Este sistema que apenas permite que os altos quadros se movam para cima e para os lados é propício a que apareçam vícios diversos. Desde logo a prepotência, que não deixa lugar ao diálogo e leva a que as vozes discordantes sejam abafadas e os “rebeldes” sejam postos de parte. Quem não obedeça cegamente é rotulado de “grão de areia na engrenagem”, alguém que “deseja que as coisas corram mal”, e é vetado ao isolamento, sem perspectivas de futuro. Frases como “eu penso que”, “discordo”, “acho que não” ou mesmo um inocente “permita-me uma sugestão” constam do livro secreto de “Coisas que nunca se devem dizer ao chefe”. O autismo do “yes, sir” e o acatamento escrupuloso das regras, mesmo as mais descabidas, são a única opção de carreira sensatas. Quem curva as costas como um momo, leva sempre consigo a caixa de engraxate e não tem problemas de consciência em ser “bufo” torna-se “de confiança”, merecedor dos maiores encómios, e tem pela frente um futuro risonho. Pouco importa que não seja capaz de pensar pela própria cabeça.
A população vem assistindo impávida e serena a esta feira de vaidades, às intrigas palacianas, ao espectáculo do respeitinho e da obediência em nome do “bem comum”. E aqui a palavra “bem” é usada de forma muito leviana; quer dizer, as coisas vão funcionando, enfim.

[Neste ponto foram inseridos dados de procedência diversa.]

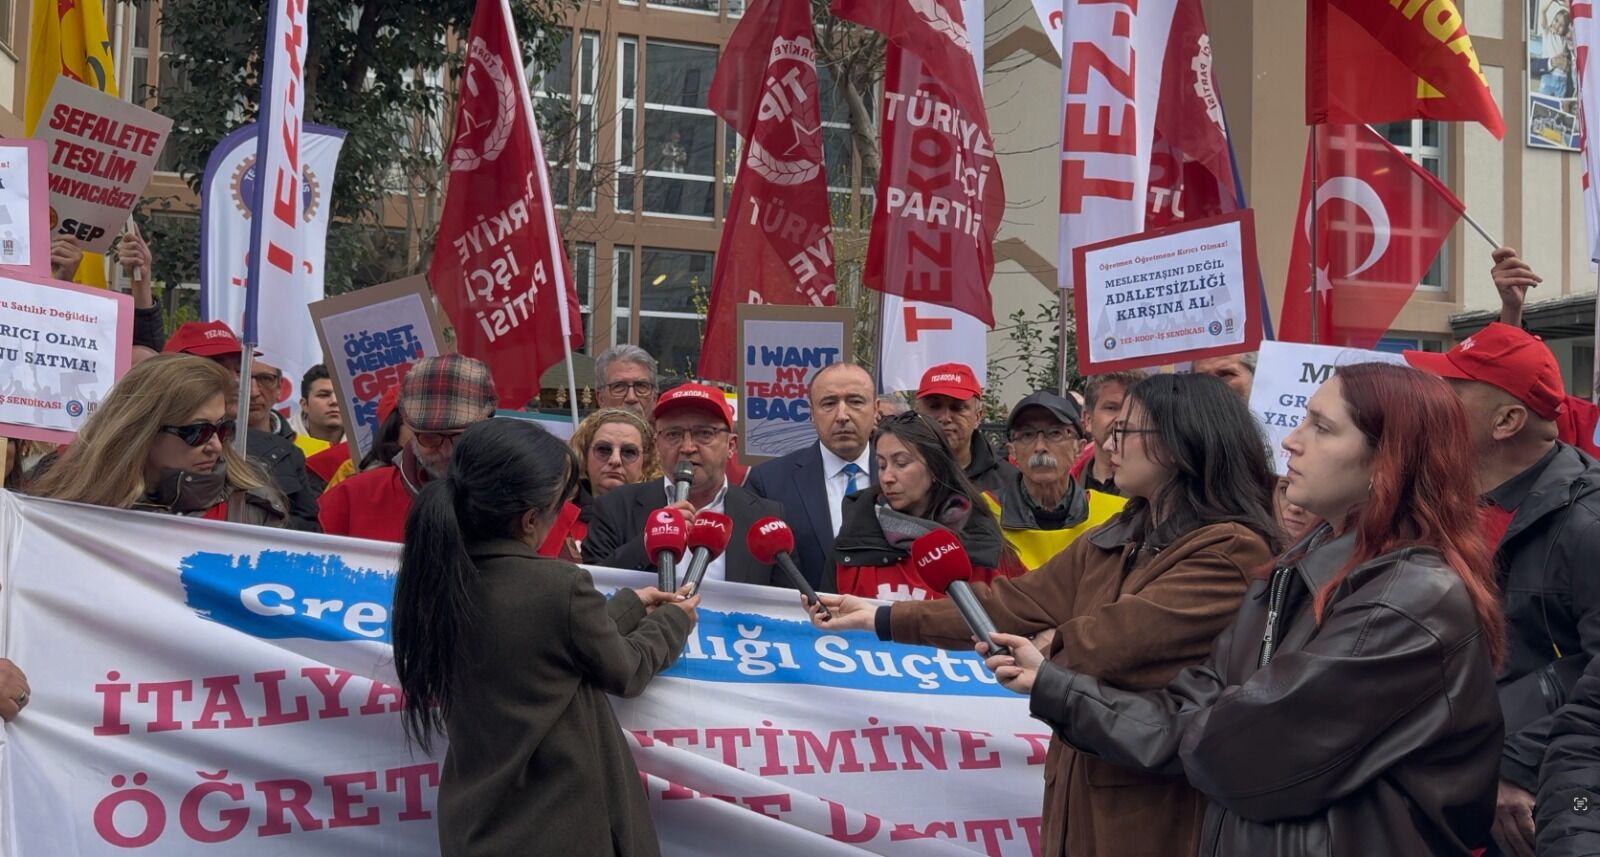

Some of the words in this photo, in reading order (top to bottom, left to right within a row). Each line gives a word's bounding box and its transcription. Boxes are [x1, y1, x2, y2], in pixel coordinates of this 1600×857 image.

[1060, 0, 1138, 214] TEZ-
[49, 103, 160, 156] SEFALETE
[51, 139, 137, 184] TESLİM
[58, 218, 105, 242] SEP
[1105, 266, 1185, 289] MESLEKTAŞINI
[1187, 259, 1225, 273] DEĞİL
[1105, 272, 1226, 306] ADALETSİZLİĞİ
[11, 301, 47, 315] Satılık
[49, 308, 98, 324] Değildir!
[1116, 300, 1184, 322] KARŞINA
[1188, 295, 1215, 310] AL!
[45, 332, 98, 350] OLMA
[24, 351, 97, 373] SATMA!
[747, 345, 756, 366] I
[761, 346, 840, 369] WANT
[776, 367, 808, 383] MY
[7, 396, 62, 409] SENDİKASI
[745, 381, 810, 399] TEACH
[746, 397, 812, 422] BAC
[651, 524, 680, 533] anka
[760, 520, 787, 535] NOW
[918, 542, 960, 567] ULUSAL
[814, 635, 1000, 690] Suçtu
[93, 667, 406, 736] İTALYA
[93, 762, 439, 848] ÖĞRET
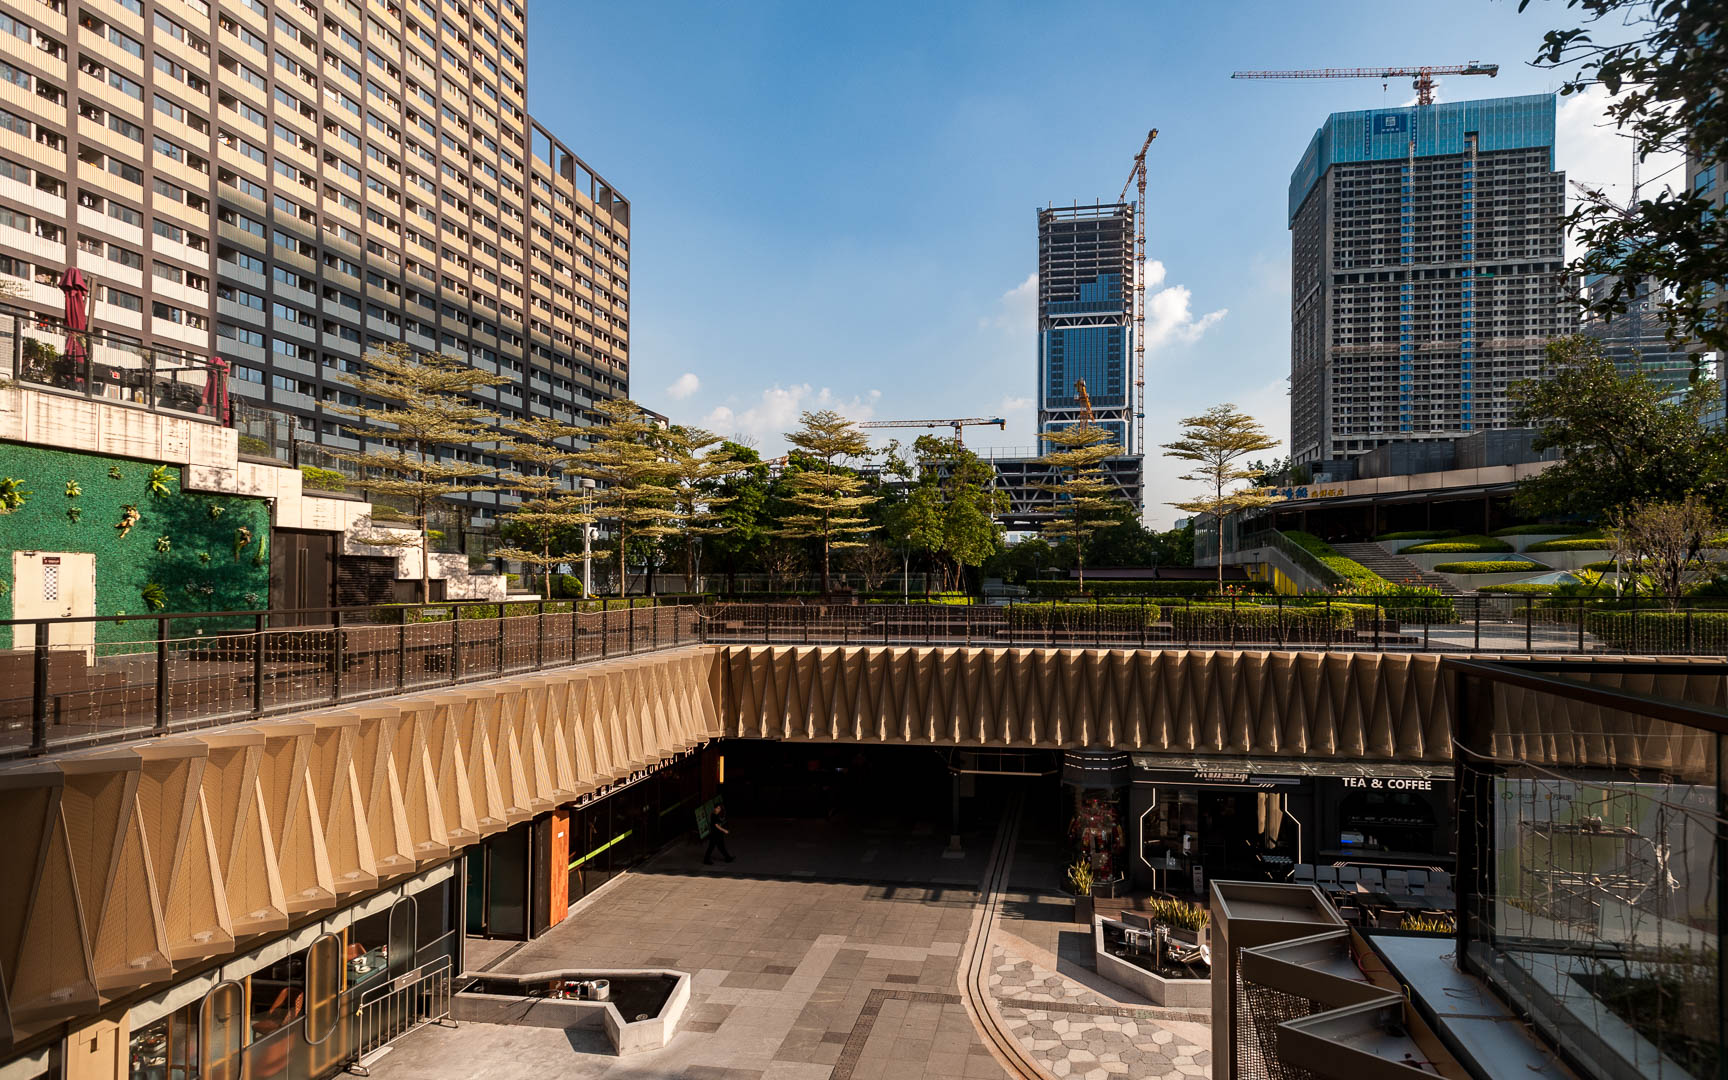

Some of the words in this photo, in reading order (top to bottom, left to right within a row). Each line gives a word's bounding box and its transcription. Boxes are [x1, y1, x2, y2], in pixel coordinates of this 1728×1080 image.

[1342, 777, 1367, 788] TEA
[1370, 778, 1384, 789] &
[1387, 779, 1432, 791] COFFEE
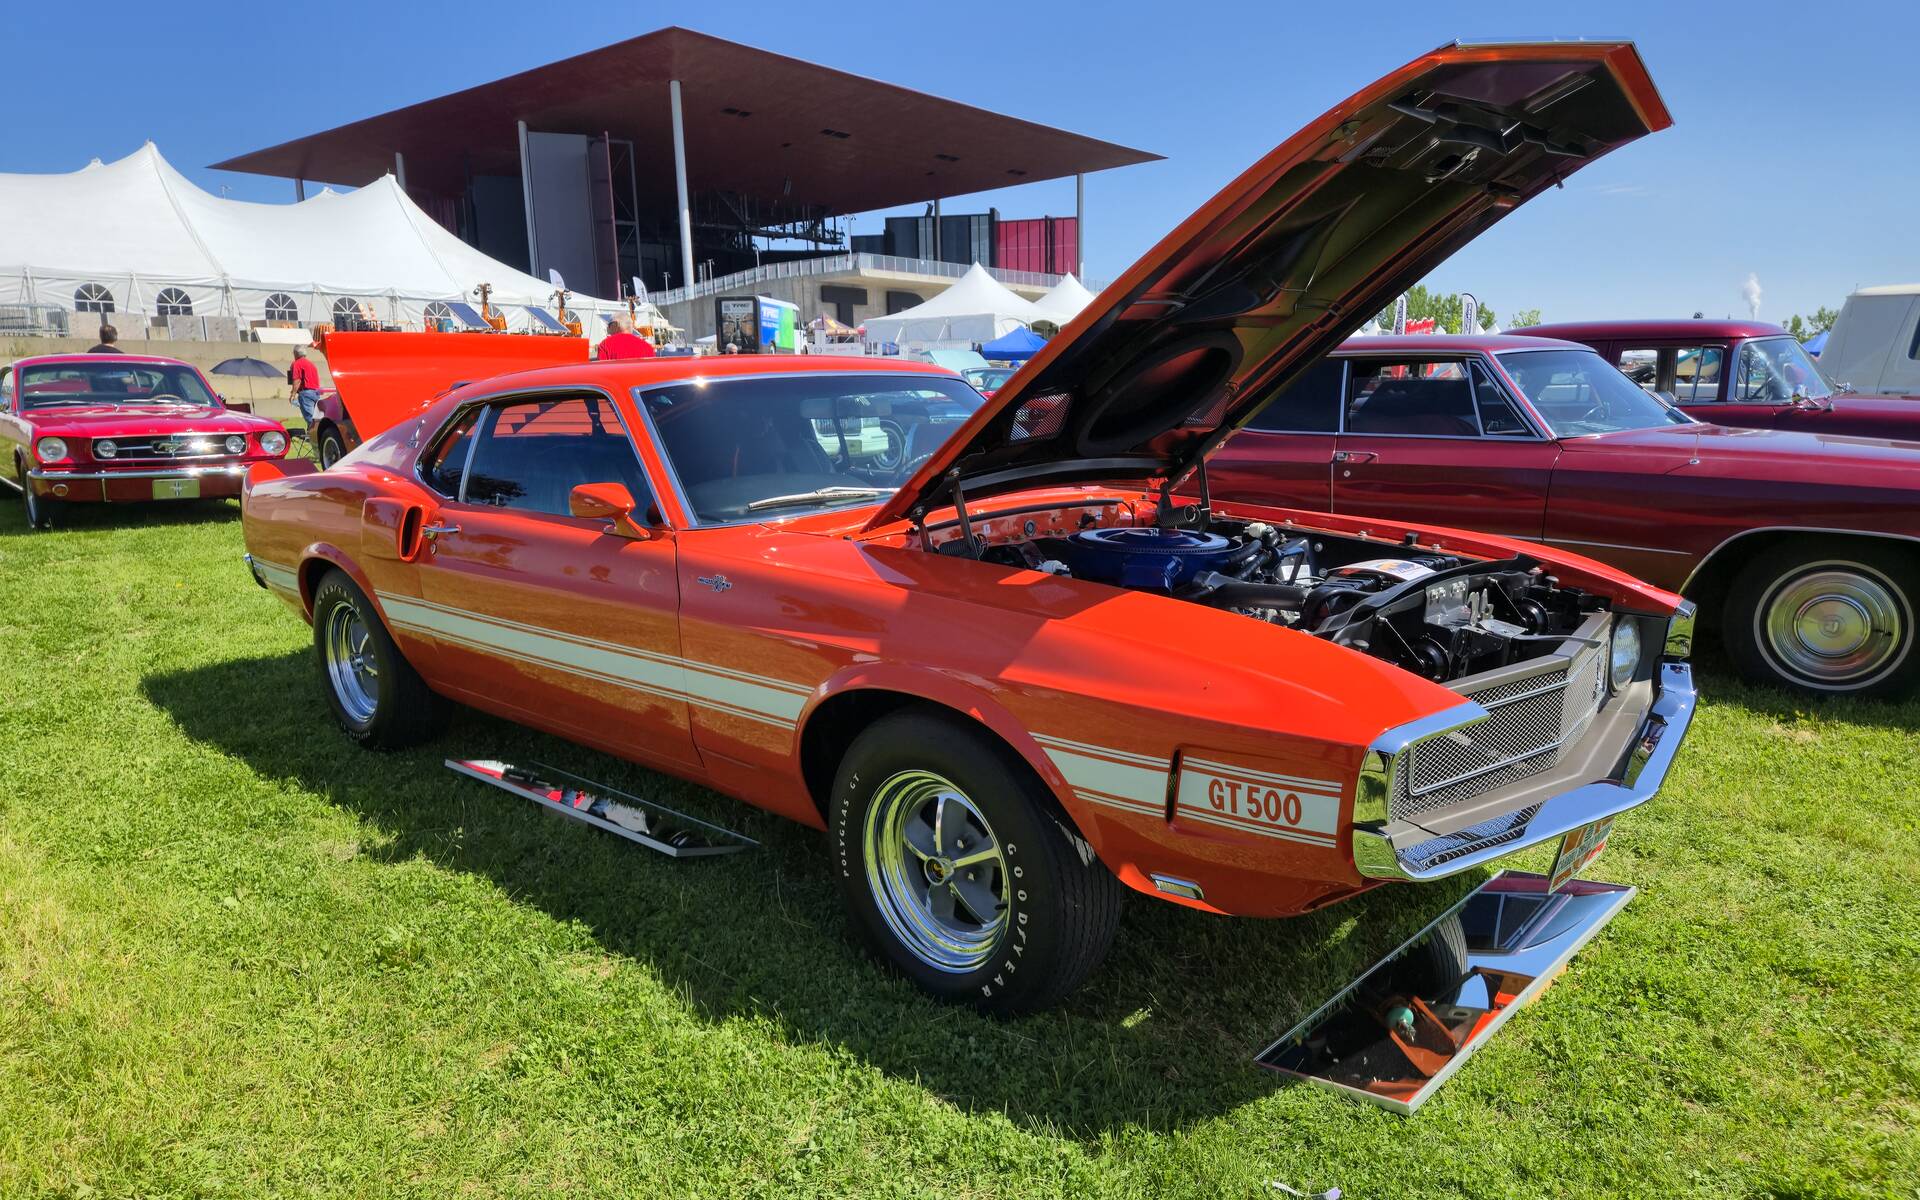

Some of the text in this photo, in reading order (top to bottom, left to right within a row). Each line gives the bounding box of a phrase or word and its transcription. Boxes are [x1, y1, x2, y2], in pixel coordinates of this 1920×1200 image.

[839, 773, 860, 877] POLYGLAS GT
[982, 843, 1028, 998] GOODYEAR
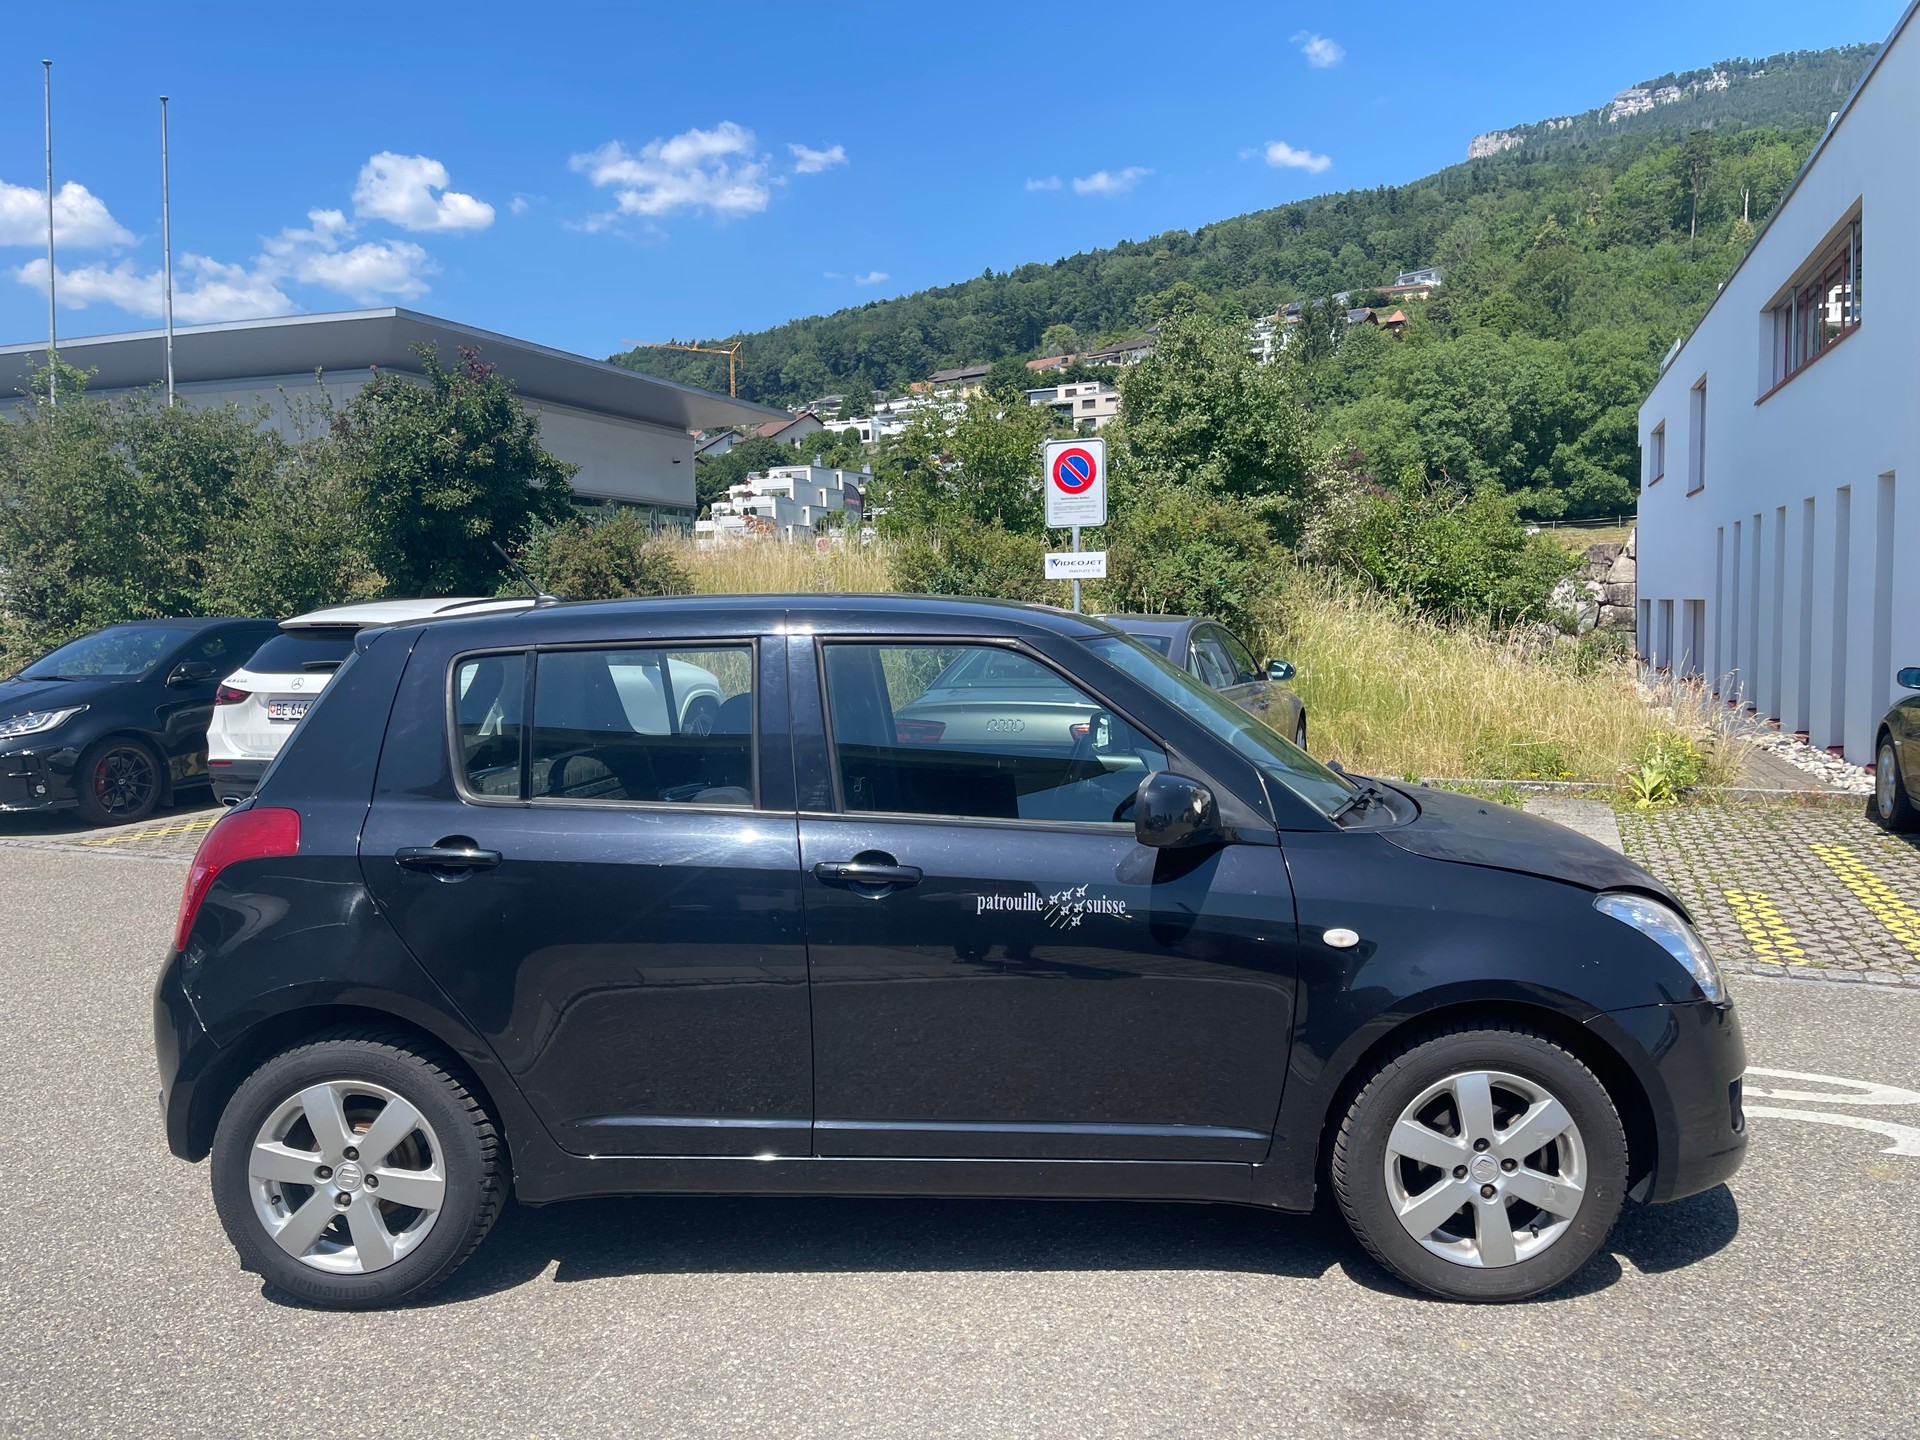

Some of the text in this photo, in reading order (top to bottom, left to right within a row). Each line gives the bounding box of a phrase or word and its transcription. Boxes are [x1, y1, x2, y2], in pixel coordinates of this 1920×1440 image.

[1049, 558, 1103, 568] VIDEOJET
[976, 892, 1126, 915] patrouille suisse

Só em Macau e em algumas repúblicas das bananas por esse mundo fora o Executivo é composto na sua maioria pelos mesmos responsáveis há mais de 13 anos. E porque havia se ser diferente? Não existe oposição com gente nova que se perfile como alternativa credível, não existe um órgão que desempenhe um papel fiscalizador digno desse nome, apesar da Assembleia Legislativa ter por inerência essa função, mas apenas no papel. É a mentalidade do partido único em todo o seu esplendor. Em Portugal Wong Wan batia com a porta e ia tratar da vidinha longe dos olhares críticos e desta chatice toda que lhe tira o sono. Em Macau fica a fazer figas para que as coisas corram melhor, pronto, e pode ser que as vozes dissonantes se calem, esqueçam as cambalhotas da DSAT e se entretenham com outra bronca qualquer. É só preciso agarrar-se ao tacho com as duas mãos e com força. E a julgar pela envergadura do senhor, vai ser difícil arrancá-lo das mãos.